▶ **What the task requires**: Give back the whole listing verbatim, printing none of its pictures.

▶ **Task inputs**:
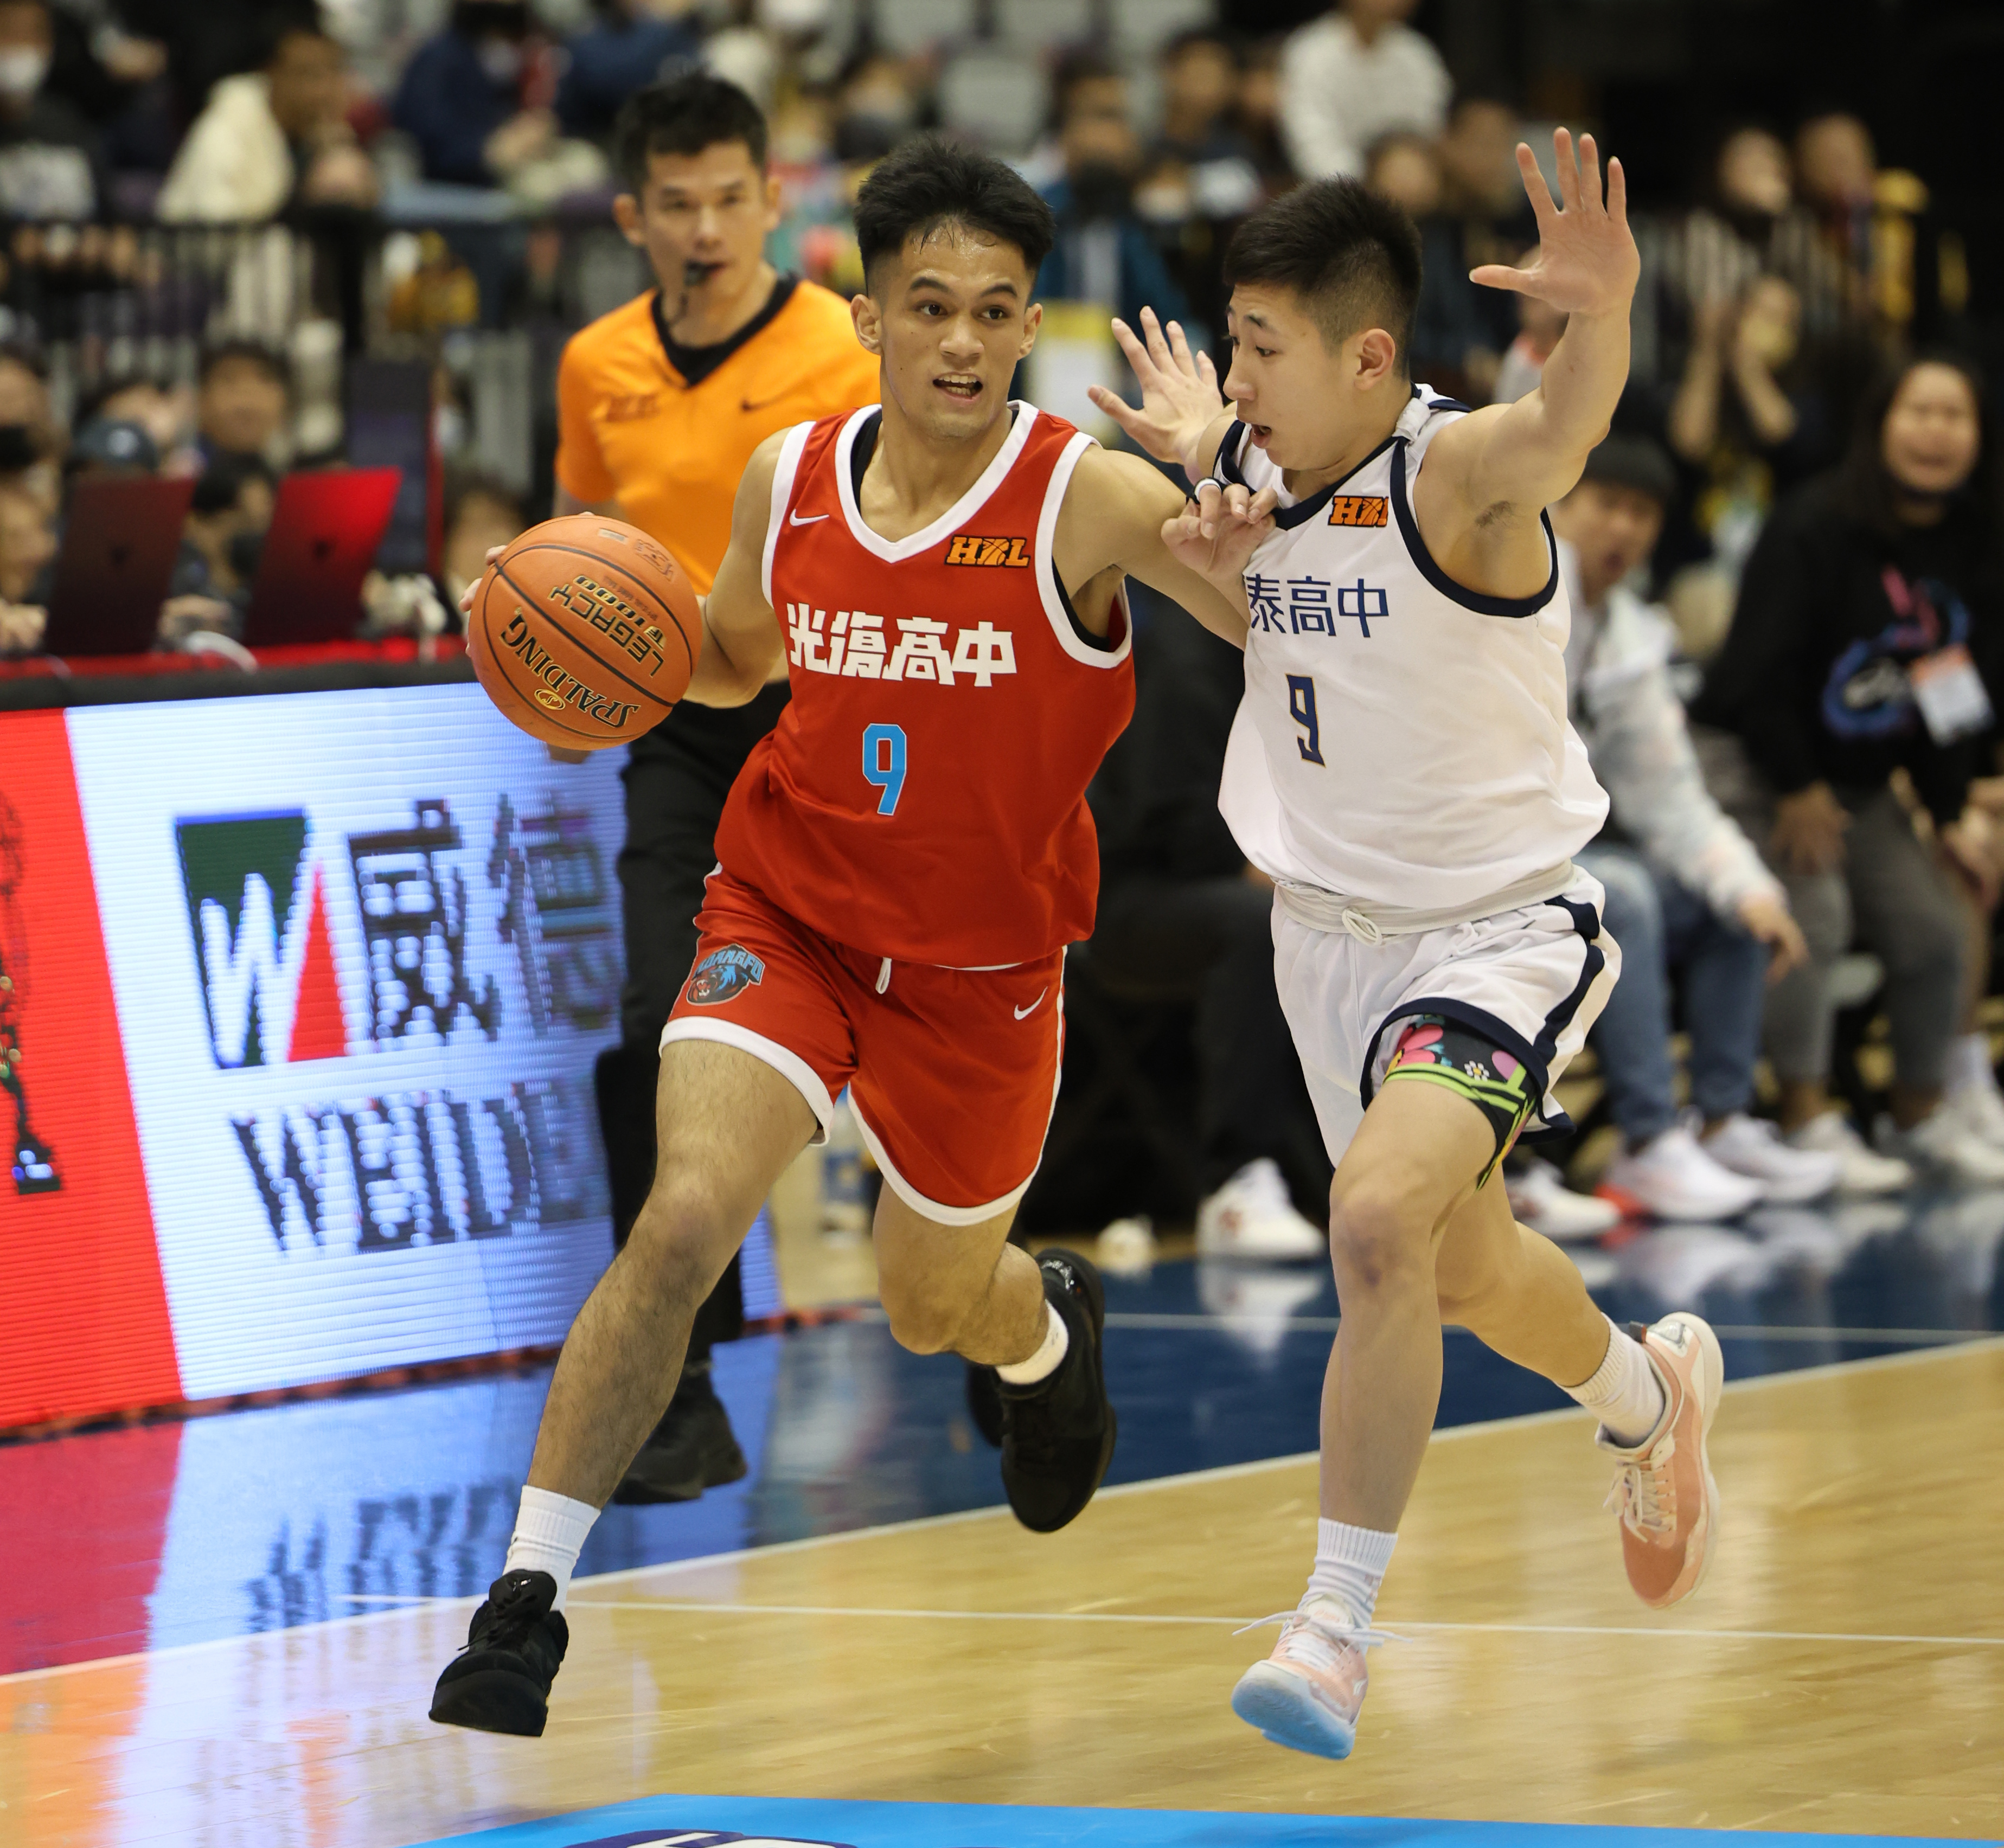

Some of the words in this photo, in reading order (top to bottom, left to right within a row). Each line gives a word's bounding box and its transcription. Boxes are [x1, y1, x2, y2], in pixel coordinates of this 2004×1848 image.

[945, 534, 1031, 568] HBL
[547, 584, 665, 678] LEGACY
[786, 602, 1017, 688] 光復高中
[1243, 573, 1390, 638] 泰高中
[498, 613, 641, 728] SPALDING
[1284, 673, 1327, 768] 9
[862, 722, 907, 816] 9
[230, 1079, 603, 1255] WEIDE

▶ **The answer**:
Some of the words in this photo, in reading order (top to bottom, left to right within a row). Each line gives a word's bounding box and its transcription. Boxes are [x1, y1, x2, y2], in pixel coordinates of this 2004×1848 image.

[945, 534, 1031, 568] HBL
[547, 584, 665, 678] LEGACY
[786, 602, 1017, 688] 光復高中
[1243, 573, 1390, 638] 泰高中
[498, 613, 641, 728] SPALDING
[1284, 673, 1327, 768] 9
[862, 722, 907, 816] 9
[230, 1079, 603, 1255] WEIDE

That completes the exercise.